Row Level Security (RLS) in PostgreSQL on AWS RDS not working

1
votes

I am currently trying to configure RLS on my PostgreSQL DB running on AWS RDS. For some reason I cannot get it to work on the Postgres DB in AWS, but locally it works and everything seems to be identical.

Here my setup:

PostgreSQL version: 10.6

Steps:

SELECT * FROM pg_user;
|usename|usesysid|usecreatedb|usesuper|userepl|usebypassrls|passwd|valuntil|
|rdsadmin|10 |t| t|t| t| ******** | infinity|
|app_user|16393|t|f|f|f|********|infinity|

SELECT current_user;
> current_user
> ---------------
> app_user

CREATE TABLE rls_test (id int, name varchar(255));
INSERT INTO rls_test (1, 'test');
SELECT * FROM rls_test;
>  id | name
> ----+------
>  1  | test

SELECT * FROM pg_tables where tablename='rls_test';
>  schemaname | tablename | tableowner | tablespace | hasindexes | hasrules | hastriggers | rowsecurity
> ------------+-----------+------------+------------+------------+----------+-------------+-------------
>  public     | rls_test  | app_user   |            | f          | f        | f           | f

ALTER TABLE rls_test ENABLE ROW LEVEL SECURITY;
ALTER TABLE rls_test FORCE ROW LEVEL SECURITY;

SELECT * FROM pg_tables where tablename='rls_test';
>  schemaname | tablename | tableowner | tablespace | hasindexes | hasrules | hastriggers | rowsecurity
> ------------+-----------+------------+------------+------------+----------+-------------+-------------
>  public     | rls_test  | app_user   |            | f          | f        | f           | t

SELECT * FROM rls_test;
>  id | name
> ----+------
>  1  | test

The same steps on a locally running Postgres DB do work. After enabling and forcing RLS on the new table the user does not see the entries in the table anymore. Only on the Postgres running on AWS RDS it's not working.

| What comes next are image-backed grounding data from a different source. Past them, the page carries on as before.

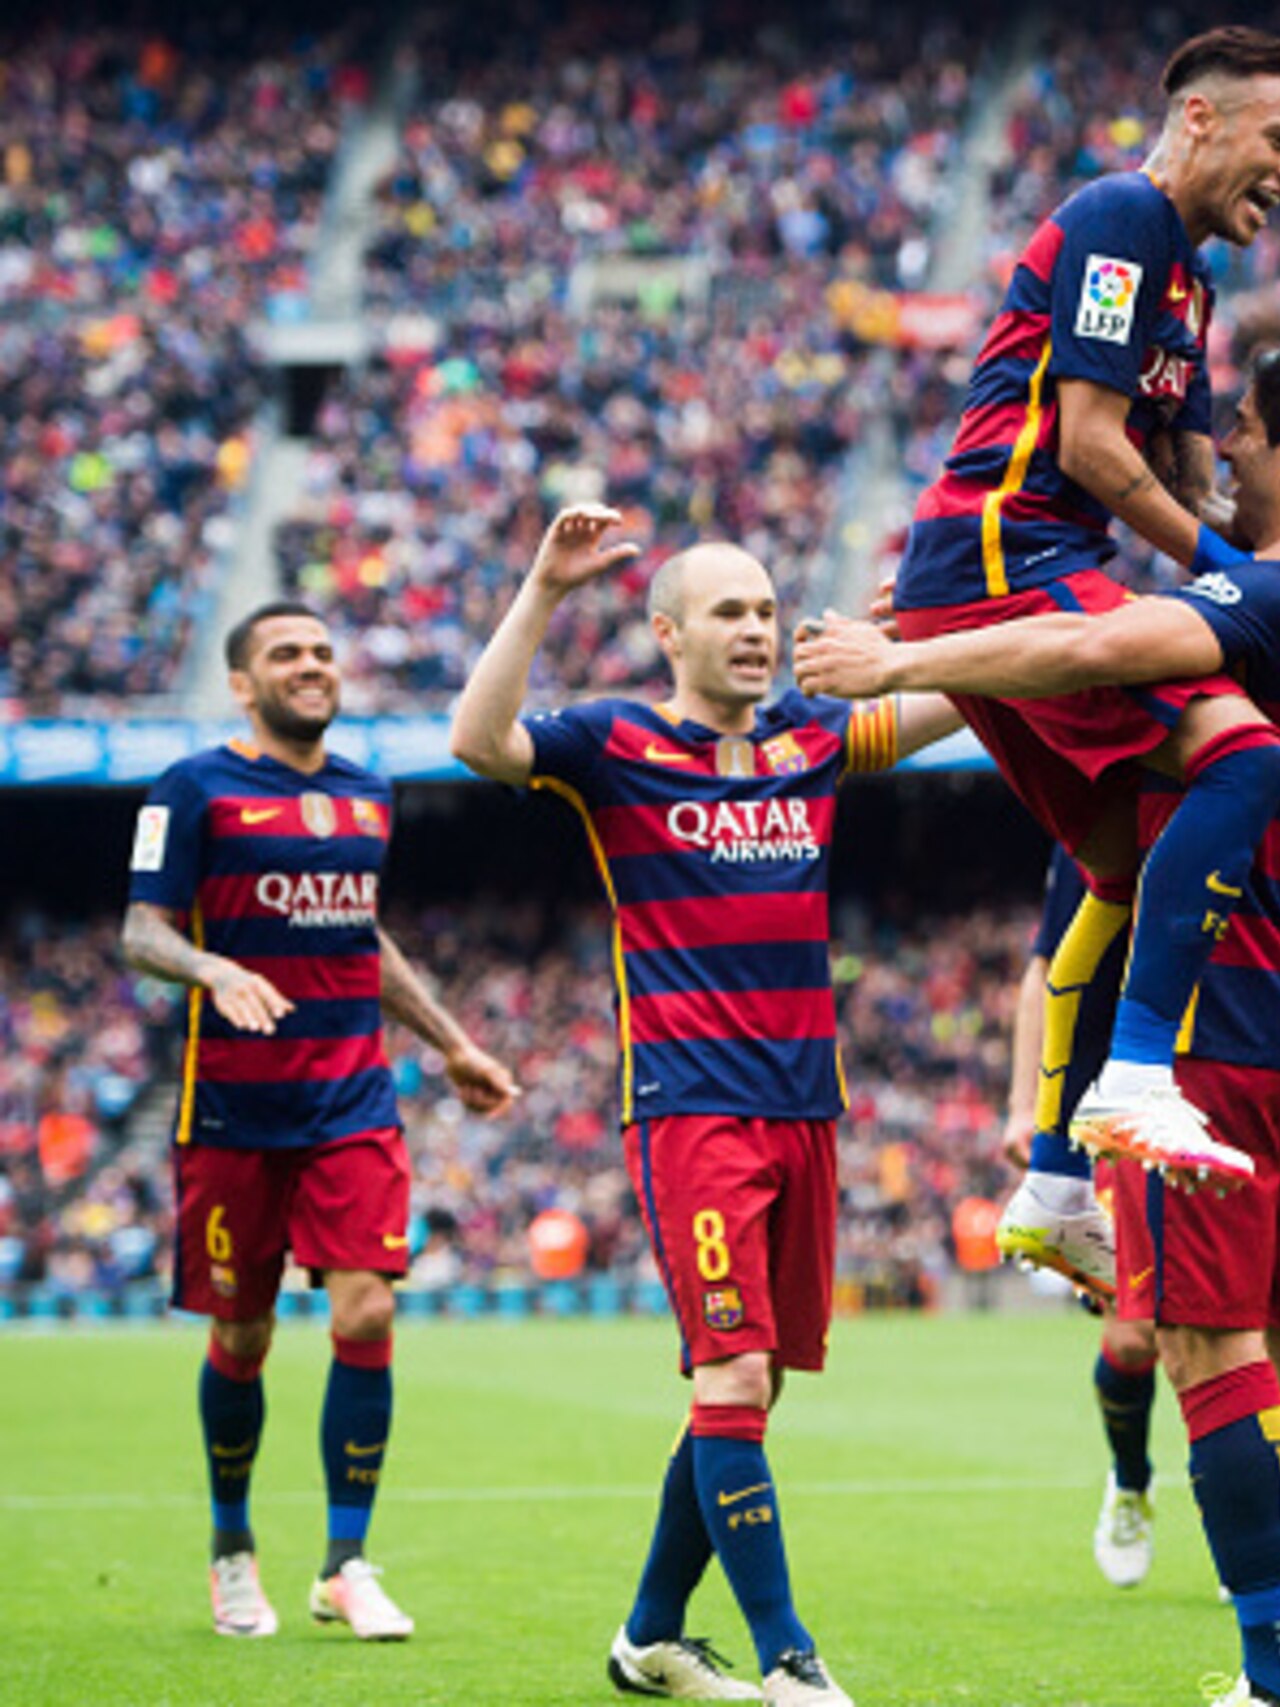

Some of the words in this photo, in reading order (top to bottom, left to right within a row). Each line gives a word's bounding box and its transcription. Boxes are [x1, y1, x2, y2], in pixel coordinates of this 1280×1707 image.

[1082, 309, 1126, 336] LFP
[667, 799, 811, 847] QATAR
[710, 835, 821, 864] AIRWAYS
[256, 873, 378, 915] QATAR
[206, 1207, 232, 1260] 6
[693, 1209, 731, 1281] 8

Any ideas what I could be missing here?

3
postgresqlamazon-web-servicesamazon-rdsrow-level-securityrls

3 Answers

1
votes

So, in the meantime I found out, that AWS creates a 'master' user, which I was actually using here (app_user). The privileges given to this user can be found here: https://docs.aws.amazon.com/AmazonRDS/latest/UserGuide/UsingWithRDS.MasterAccounts.html Creating a new user with all the needed privileges for the DB solved the problem. I am still a little bit puzzled, though, which of the privileges prevented that this master user was bypassing the row level security, as the user table was showing that my app_user is not a superuser. If someone still has an answer to that, I'd appreciate it :-).

0
votes

The master user in AWS postgres has the option BYPASSRLS enabled by default. This will make any and all RLS policies to be bypassed.

0
votes

Another reason, is the user (schema owner) will always be able to see all data. i.e. RLS will not work for the schema owner, unless you add

alter table xxxxx force enable row level security.

This could be another reason that you are trying to query from the schema owner.